Westpac’s Head of Research Rob Rennie and Currency Strategist Sean Callow were out of the blocks quickly after the Australian CPI and Chinese PMI data, suggesting the downside might have opened up a little for the Aussie dollar after both prints.
From their report:
The sharp downside surprise on the core inflation readings sparked a quick selloff to around 0.9320. The attempt to hold this support level only lasted until the China PMI data, which saw another round of AUD selling to 0.9300 despite meeting consensus on the headline reading.
We argued back on the 11th April … that the A$ would likely “spend some time in the 0.9300/ 0.9500 region” and that the A$ was “well overdue a correction”. At the time, we saw 0.9280/ 0.9300 as important support for AUD/USD.

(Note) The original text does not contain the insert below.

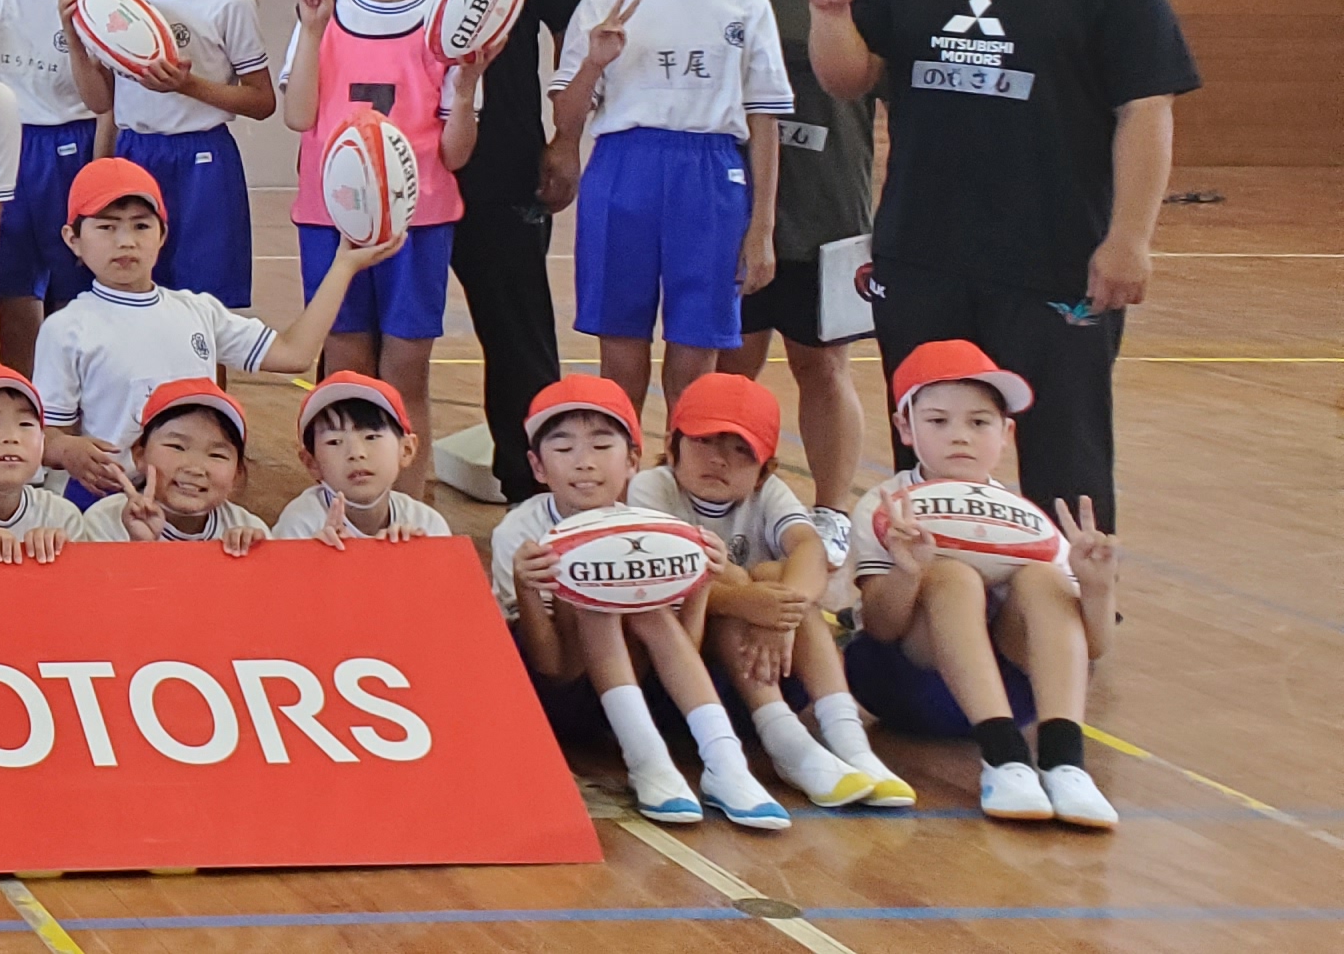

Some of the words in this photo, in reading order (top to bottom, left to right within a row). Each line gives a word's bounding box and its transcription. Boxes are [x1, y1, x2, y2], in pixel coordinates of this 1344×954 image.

These levels still stand, however today’s data arguably increases the arguments for a continuation of this correction. A ‘close’ below 0.9280/ 0.9300 would argue for a continuation of the move down towards 0.9190/0.9210. However, we would certainly not argue for a more aggressive move beyond that point – that would require stronger US data and weaker Chinese data.
The Aussie is currently sitting just above Rennie and Callow’s level of 0.9280 at the moment.
We’ll see what Europe does when it they head in to their desks in a couple of hours.